In the fifteen minutes that The Spear was waiting in the
departure lounge yesterday morning, he was once again reminded why it is he now
reads far more than he watches TV.
During the broadcast of a certain breakfast ‘news’ program - overwhelmingly
composed of bushfire scaremongering and a preternatural predilection for the
Golden Globes – a piece was run on the exceedingly high temperatures reached in
the Queensland town of Birdsville. While
nothing new in itself, what did grab The Spear’s attention was the closing
sentence of the pre-recorded story as spoken by the journalist:
“If it’s any consolidation
for the town of Birdsville…”
The Spear was at first unsure if there were perhaps some
sort of amalgamation plan in the works for the town of Birdsville that the
Journalist was singularly aware of.
Maybe the breakfast program had decided to break the news of a
yet-to-be-announced merger of the local council departments as forced by the
hand of Campbell Newman? Or perhaps the
town of Birdsville was still in the process of consolidating its debts in a
case of epic post-GFC procrastination? Certainly,
this consolidation of any kind that was seemingly on offer,
was something so obvious that The Spear’s confusion as to its nature must
surely have resulted only from his lack of knowledge regarding the fiscal
positions of the regional towns of Queensland, and for no other reason?

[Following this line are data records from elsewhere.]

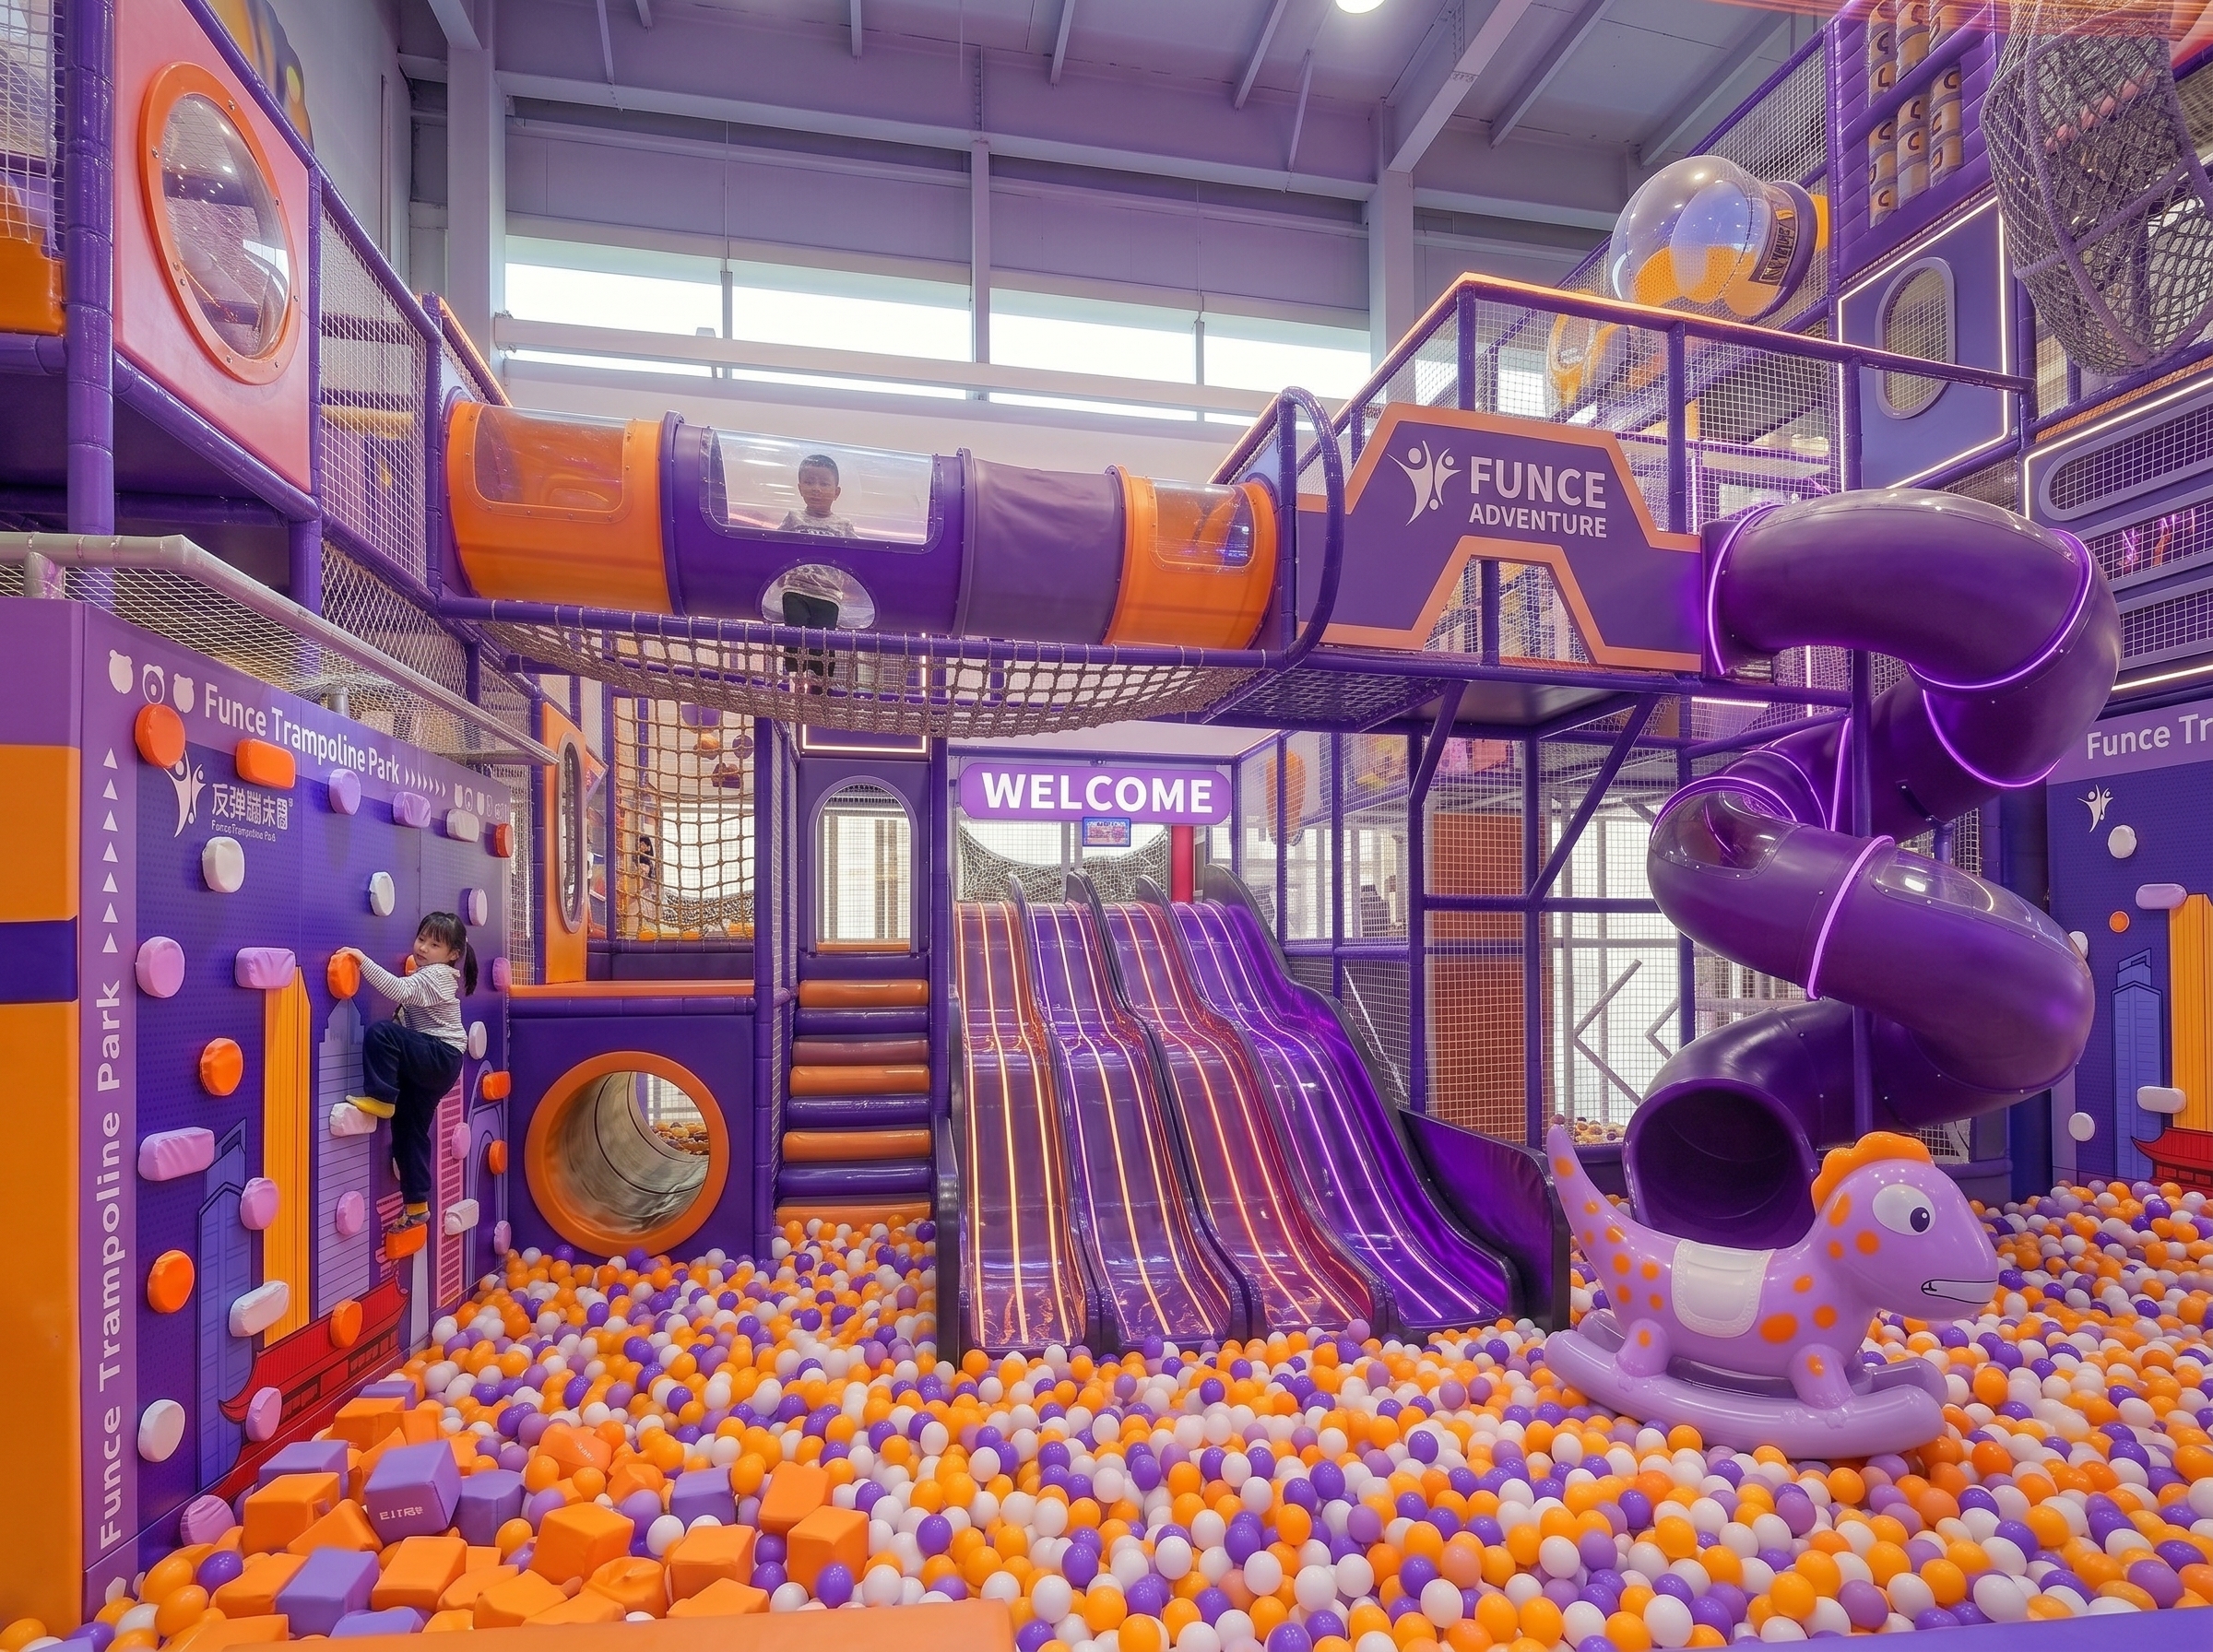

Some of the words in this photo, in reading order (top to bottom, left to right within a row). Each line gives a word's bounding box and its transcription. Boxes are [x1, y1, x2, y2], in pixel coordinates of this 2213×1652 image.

[1468, 502, 1607, 538] ADVENTURE
[1470, 455, 1606, 510] FUNCE
[205, 682, 266, 737] Funce
[271, 706, 366, 773] Trampoline
[368, 747, 400, 785] Park
[2087, 726, 2171, 760] Funce
[981, 772, 1213, 813] WELCOME
[96, 979, 120, 1092] Park
[96, 1110, 125, 1392] Trampoline
[100, 1405, 122, 1550] Funce

Several agitated minutes of self-reflection later, The Spear
began to have his doubts. Could it be that
the fine journalists and editors of the well-known nation-wide program – all
members of that elite sub-category of the media who are currently in good pay
and actually making a living in the industry – had made a mistake? Could it be that where consolidation had been spent, a currency of consolation would have proved more pertinent?
Okay, so it’s not the biggest mistake in broadcasting history –
perhaps it was written as ‘consolation’ but merely spoken as a malapropism -
but The Spear reckons it goes to show how literacy standards in Australia might
not be quite what they used to be.
The Spear doesn’t remember much about his English education
in his primary years. He remembers
learning running-writing, obtaining his pen license, teachers checking his log
of ‘private reading time’ (not that there was ever any set texts or
recommendations as to the level of book one should have been reading), and
spelling tests. That’s about it. Senior English ditched the spelling tests and
introduced set-texts and essay writing.
He can count on one hand the things that he can actually
remember learning in primary English:
1.
How to spell the words together and vegetable –
‘to-get-her’ and ‘vege-table’.
2.
Nouns are the ‘names’ of things, verbs are
‘doing words’, and adjectives ‘describe’.
3.
Use capital letters at the start of sentences
and full-stops at the end of them.
4.
Never use the word ‘but’ at the start of a
sentence.
But The Spear and his peers never really mastered the use of
those more distinguished marks of punctuation – ,commas and apostrophe’s; not
by a country mile. Sentence structure
was too a thing to be mastered not by standardised education, but by self-inflicted
rounds of 1000 page fantasy novels (as a result The Spear can now construct a
sentence, but at the cost of knowing far too much about the lives of Dwarves
and Aes Sedai).
The Spear is quite confident that the above is not
applicable to all schools in Australia, but that there are some that have a higher
standard of literacy, and sadly many more that are even worse. The Spear by no means went to a bad school,
relatively speaking.
The Spear hates to say it, but with about
half of Australians having trouble with literacy, it looks like it is
basically up to individuals to get out there and read more. This is, however, a real problem in our increasingly
screen-dominated world, where if we are not passively watching, then we are
reading something written far-removed from the world of fine literature (this
blog being a case in point).
Perhaps The Spear is being too harsh. Perhaps it was all just merely a Freudian slip
on behalf of the journalists and editors.
People are bound to think more on ‘consolidation’ than on ‘consolation’
these days in our business-oriented world; M&A standing for Mergers and Acquisitions
rather than Maturity and Acceptance.
Perhaps they have become one and the same. If the seemingly natural tendency for man’s creations
to trend towards monopoly is any measure, humans may just be the first
creatures capable of finding consolation through consolidation.